[[ Records for the exercise open ]]

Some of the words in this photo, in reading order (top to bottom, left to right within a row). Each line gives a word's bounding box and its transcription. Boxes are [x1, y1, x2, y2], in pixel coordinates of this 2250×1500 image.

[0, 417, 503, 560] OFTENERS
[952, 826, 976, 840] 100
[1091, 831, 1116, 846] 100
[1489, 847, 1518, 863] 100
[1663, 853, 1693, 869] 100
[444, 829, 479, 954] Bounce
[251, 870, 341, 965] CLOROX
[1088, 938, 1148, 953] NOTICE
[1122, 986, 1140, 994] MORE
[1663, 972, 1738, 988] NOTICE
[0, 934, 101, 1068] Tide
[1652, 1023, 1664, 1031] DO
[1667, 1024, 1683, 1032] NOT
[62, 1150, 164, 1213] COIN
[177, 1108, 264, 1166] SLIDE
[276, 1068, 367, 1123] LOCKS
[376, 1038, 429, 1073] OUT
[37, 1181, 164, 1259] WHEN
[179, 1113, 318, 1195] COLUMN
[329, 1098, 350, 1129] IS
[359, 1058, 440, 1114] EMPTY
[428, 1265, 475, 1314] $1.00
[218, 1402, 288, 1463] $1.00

[[ Records for the exercise closed ]]

▸ **Work required**
Using the data above, reproduce every line exactly.

▸ **Answer section**
Some of the words in this photo, in reading order (top to bottom, left to right within a row). Each line gives a word's bounding box and its transcription. Boxes are [x1, y1, x2, y2], in pixel coordinates of this 2250×1500 image.

[0, 417, 503, 560] OFTENERS
[952, 826, 976, 840] 100
[1091, 831, 1116, 846] 100
[1489, 847, 1518, 863] 100
[1663, 853, 1693, 869] 100
[444, 829, 479, 954] Bounce
[251, 870, 341, 965] CLOROX
[1088, 938, 1148, 953] NOTICE
[1122, 986, 1140, 994] MORE
[1663, 972, 1738, 988] NOTICE
[0, 934, 101, 1068] Tide
[1652, 1023, 1664, 1031] DO
[1667, 1024, 1683, 1032] NOT
[62, 1150, 164, 1213] COIN
[177, 1108, 264, 1166] SLIDE
[276, 1068, 367, 1123] LOCKS
[376, 1038, 429, 1073] OUT
[37, 1181, 164, 1259] WHEN
[179, 1113, 318, 1195] COLUMN
[329, 1098, 350, 1129] IS
[359, 1058, 440, 1114] EMPTY
[428, 1265, 475, 1314] $1.00
[218, 1402, 288, 1463] $1.00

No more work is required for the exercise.